Our boy is still hospitalized and that's still best for everyone. He continues to be all over the map with his moods, sometimes angry and aggressive, other times weepy and depressed, and once in a while even calm and (seemingly) relaxed. He's had a tough time regulating himself even in the unit; he told staff members last week that the other patients are so annoying to him that he wants to stab them. He says he doesn't feel in control of his emotions...he says he would choose to be happy if he could...but he can't.
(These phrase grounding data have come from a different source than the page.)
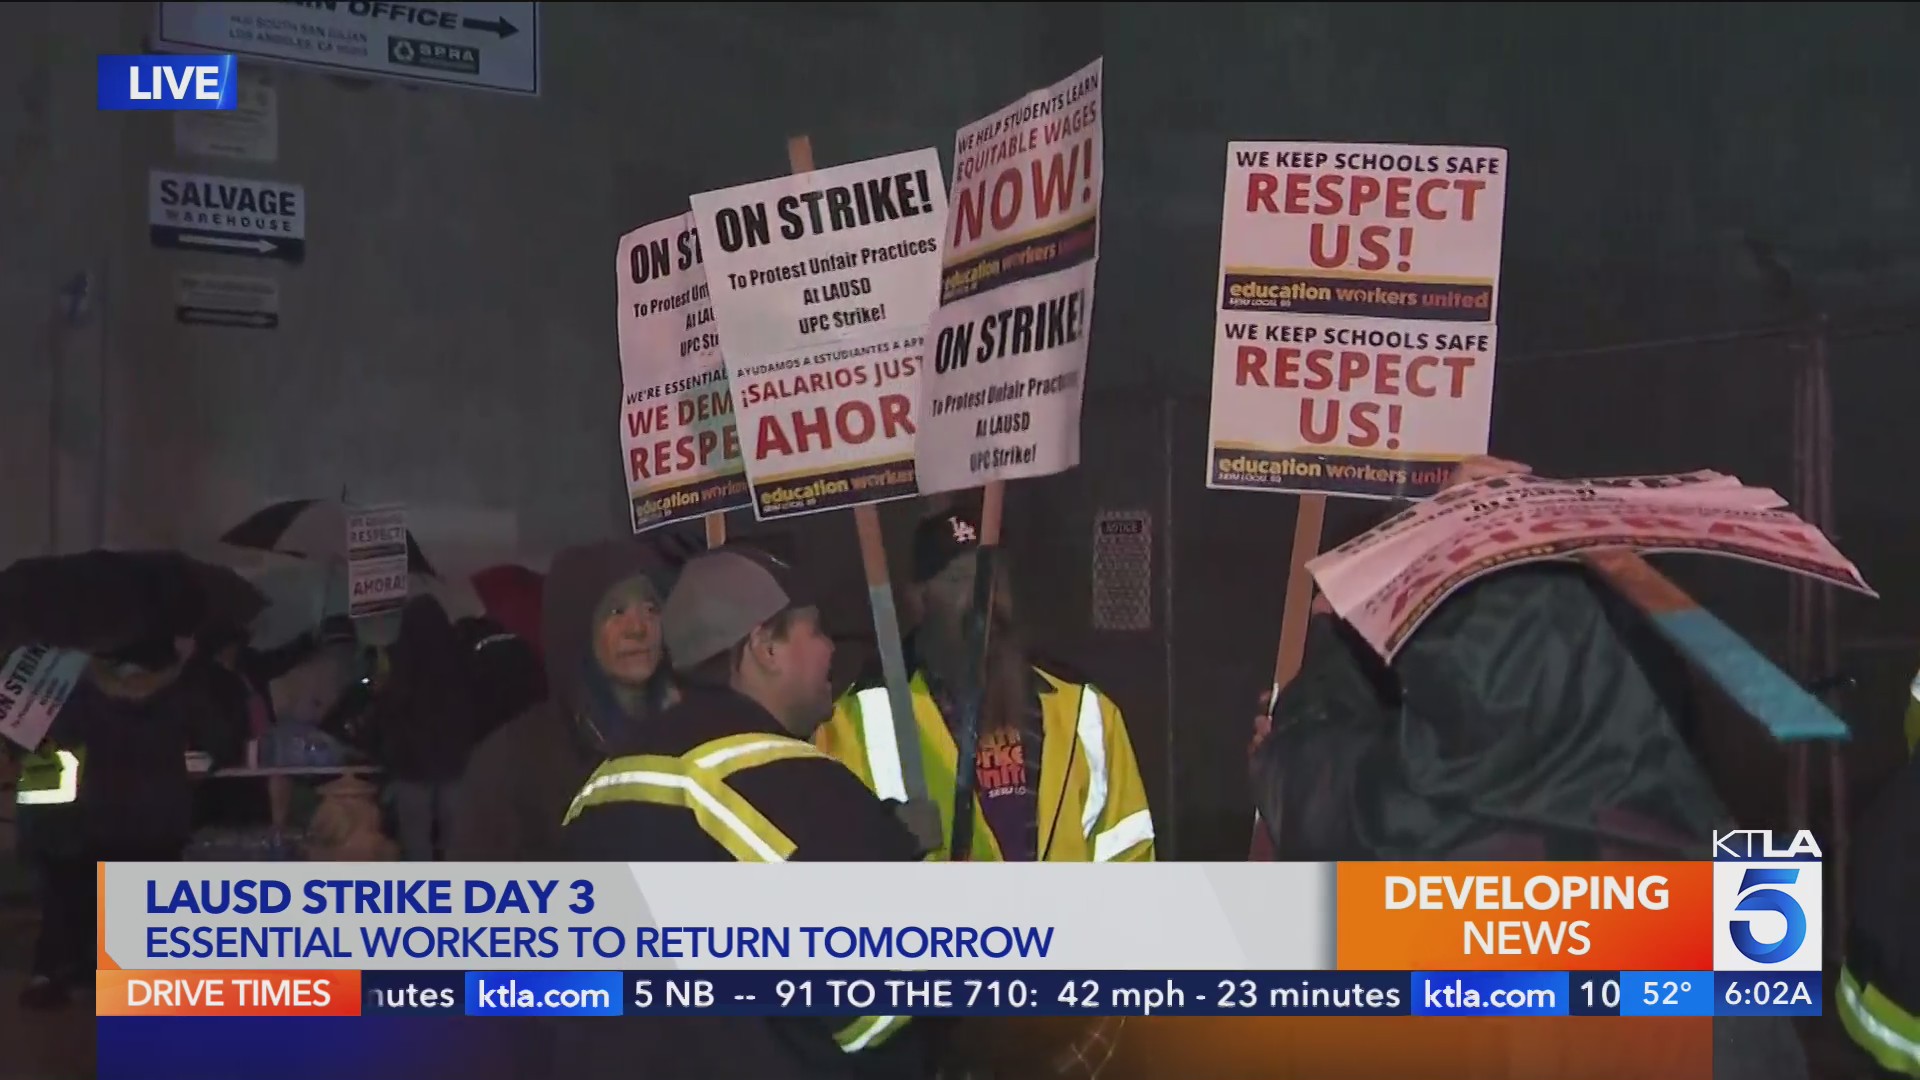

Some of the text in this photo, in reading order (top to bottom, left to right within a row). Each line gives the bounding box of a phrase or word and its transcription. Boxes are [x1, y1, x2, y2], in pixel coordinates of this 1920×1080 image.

[347, 2, 459, 29] OFFICE
[958, 72, 1099, 155] WE HELP STUDENTS LEARN
[957, 101, 1097, 182] EQUITABLE WAGES
[1236, 151, 1500, 174] WE KEEP SCHOOLS SAFE
[160, 179, 296, 217] SALVAGE
[715, 169, 934, 253] ON STRIKE!
[953, 137, 1093, 248] NOW!
[1246, 172, 1486, 221] RESPECT
[165, 209, 292, 232] WAREHOUSE
[630, 237, 671, 285] ON
[727, 237, 938, 291] To Protest Unfair Practices
[1309, 223, 1414, 273] US!
[633, 303, 648, 318] To
[650, 290, 691, 315] Protest
[803, 278, 872, 306] At LAUSD
[1229, 281, 1490, 309] education workers united
[798, 304, 887, 335] UPC Strike!
[934, 288, 1085, 375] ON STRIKE!
[1225, 323, 1490, 352] WE KEEP SCHOOLS SAFE
[680, 337, 701, 357] UPC
[737, 357, 801, 378] AYUDAMOS
[803, 356, 812, 366] A
[814, 341, 890, 364] ESTUDIANTES
[892, 341, 900, 350] A
[626, 368, 729, 405] WE'RE ESSENTIAL
[741, 365, 868, 408] ¡SALARIOS
[1235, 345, 1476, 398] RESPECT
[944, 389, 985, 416] Protest
[627, 405, 669, 438] WE
[755, 394, 917, 460] AHOR
[989, 411, 1031, 435] LAUSD
[1300, 397, 1403, 450] US!
[630, 425, 741, 482] RESPE
[970, 443, 1038, 474] UPC Strike!
[1219, 456, 1322, 478] education
[1325, 464, 1408, 485] workers
[761, 479, 850, 505] education
I'm still fighting with the insurance company to cover his inpatient stay. They did finally approve a transfer to a CBAT unit but unfortunately, there weren't any beds available last week. We have hopes for an opening tomorrow or Tuesday. In the meantime, the insurance doesn't want to pay for him to stay in his current inpatient placement because of the cost. The hospital has agreed to accept the lower CBAT rate until a bed opens up somewhere. We're still waiting to hear if the insurance will accept that offer...again, seems like a no brainer but what do I know? Tomorrow is Monday and I'll start the battle again in my new role as mental health advocate. It seems to be all that I can do for our son right now.
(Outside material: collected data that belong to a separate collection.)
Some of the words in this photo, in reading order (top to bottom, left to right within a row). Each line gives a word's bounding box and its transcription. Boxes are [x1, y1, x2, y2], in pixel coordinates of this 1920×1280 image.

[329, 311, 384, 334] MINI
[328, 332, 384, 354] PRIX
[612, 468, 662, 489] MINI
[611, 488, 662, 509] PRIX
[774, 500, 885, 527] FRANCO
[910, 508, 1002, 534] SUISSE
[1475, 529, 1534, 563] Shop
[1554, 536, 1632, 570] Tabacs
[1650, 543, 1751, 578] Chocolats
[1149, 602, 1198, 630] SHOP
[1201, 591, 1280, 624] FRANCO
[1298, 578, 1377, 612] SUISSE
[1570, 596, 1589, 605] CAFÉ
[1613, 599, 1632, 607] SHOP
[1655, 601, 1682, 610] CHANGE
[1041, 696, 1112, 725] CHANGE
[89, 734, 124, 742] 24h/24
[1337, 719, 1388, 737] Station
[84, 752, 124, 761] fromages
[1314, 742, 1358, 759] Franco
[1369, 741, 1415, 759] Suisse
Our boy is a broken child. It's true that we didn't do the breaking but that doesn't lessen his pain or ours. My mother's heart bleeds for him even though he's not mine by birth. For the past 6 years, he has been my boy; I've loved him and cared for him...but it hasn't been enough. I wonder if what I have to offer my boy will ever be enough to fill the emptiness inside him. I read somewhere once that loving a child of trauma is like trying to fill a bathtub that has no stopper...everything you give runs out as quickly as you pour it in. Does anyone know where we can get an emotional drain plug?